Response surface methodology for optimization of Rhizopus stolonifer 1aNRC11 mutant F whole-cell lipase production as a biocatalyst for methanolysis of waste frying oil

Abstract

Biodiesel, fatty acid methyl ester (FAME), is an environmentally friendly alternative fuel produced by transesterification of renewable lipid feedstocks for diesel engines. Methanolysis of waste frying oil (WFO) was catalyzed by Rhizopus stolonifer 1aNRC11 mutant F whole-cell lipase that produced under solid state fermentation (SSF) using wheat bran (WB) and black cumin meal as the main substrate. Cultivation SSF parameters of R. stolonifer mutant were optimized using Plackett-Burman (PB) experimental design and Face-centred Central Composite Design (FCCD), taking FAME yield as a response for whole-cell lipase production ability.
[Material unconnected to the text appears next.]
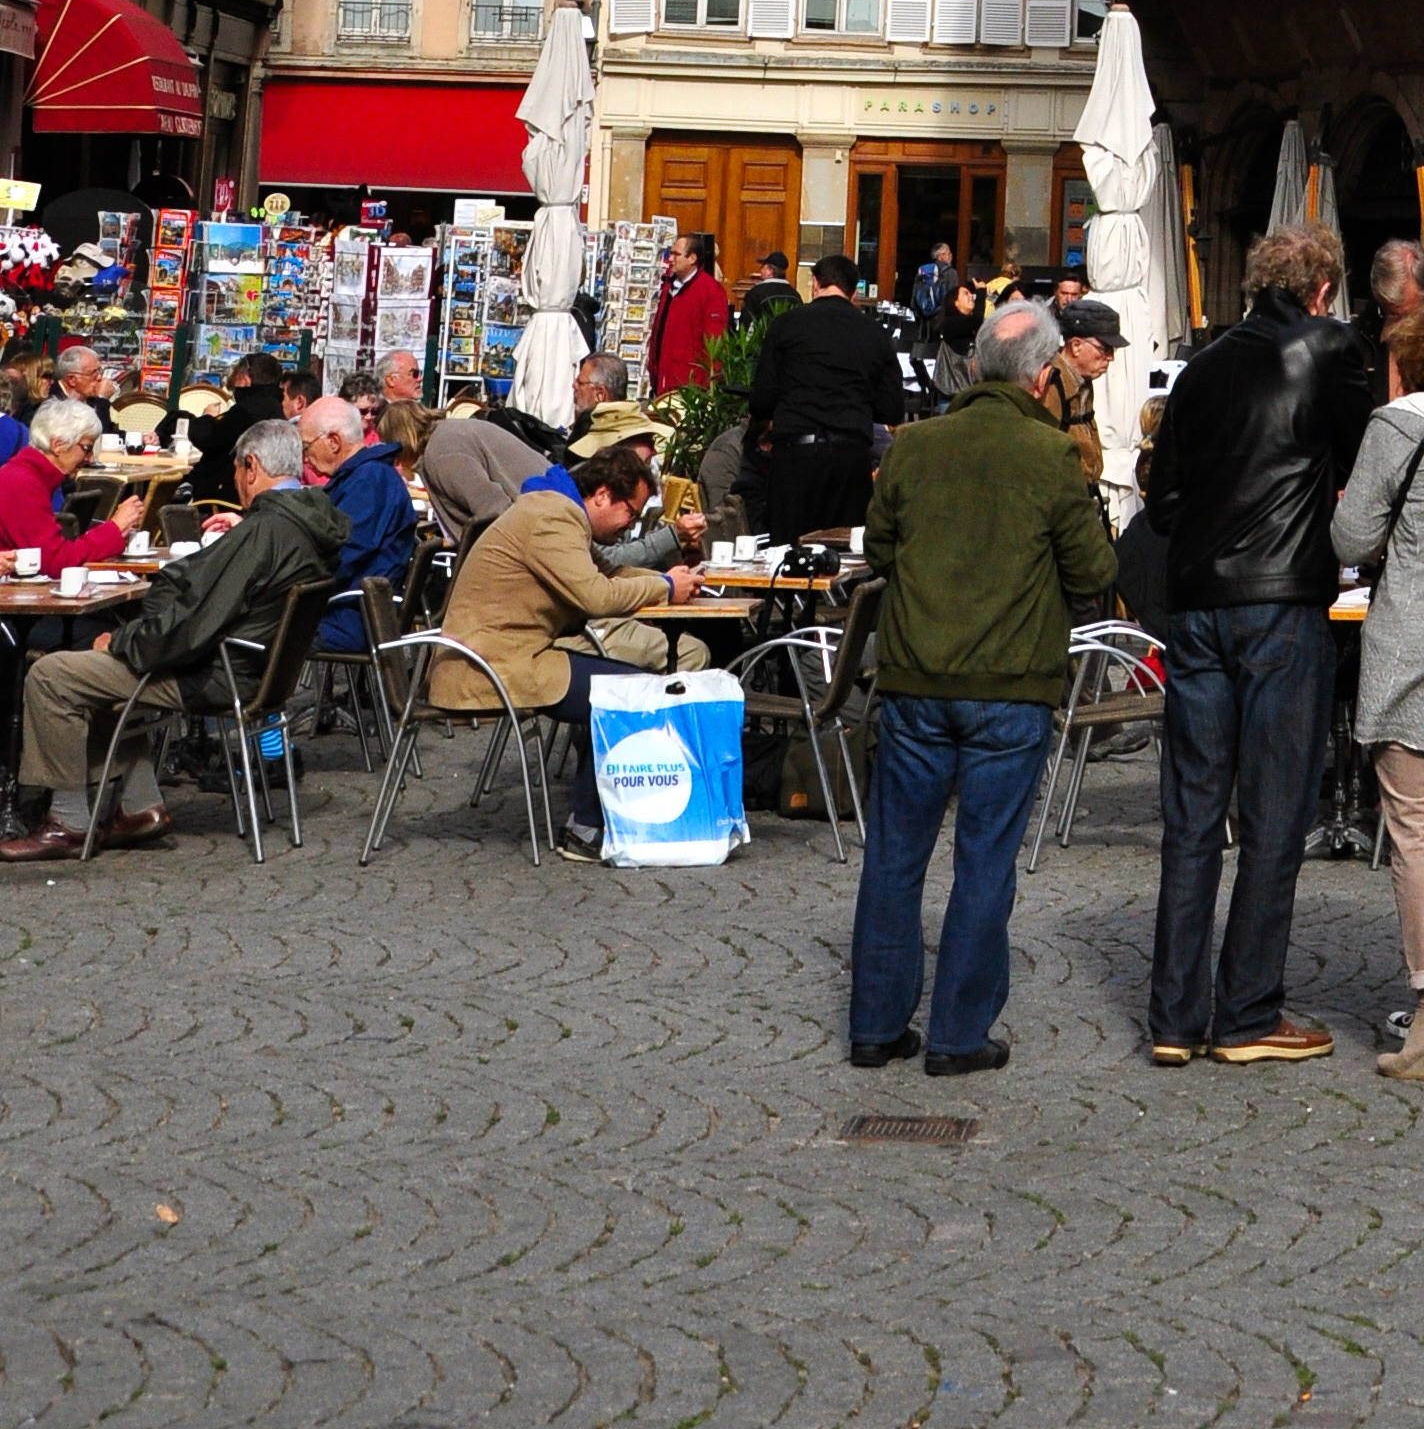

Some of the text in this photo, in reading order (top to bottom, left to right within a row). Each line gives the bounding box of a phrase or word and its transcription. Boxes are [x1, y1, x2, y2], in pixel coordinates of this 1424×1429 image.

PB results showed that cultivation temperature, medium pH and moisture content were the most significant parameters, which were selected for optimization by FCCD. The optimal determined conditions were as follows: WB (10 g), black cumin meal (6%, w/w of WB), fodder yeast (1%, w/w of WB), moisture content (1.5 g water/g solid), inoculum size (3 discs), initial pH (8), and cultivation time (4 day) at 28 °C. With R. stolonifer mutant cultivated in the optimized conditions, the FAME yield reached 82.6% that was close to the predicted yield of 85.7%. The analysis of variance showed that the model was statistically significant (p value of .0001) and could explain 89% of the variability in the response. These results indicated that the optimization conditions increased biodiesel production by about 43% compared to the basal medium (57.60%). The optimization of SSF conditions using low cost components makes the whole-cell lipase production process from the R. stolonifer 1aNRC11 mutant F economically effective for application in biodiesel production from WFO.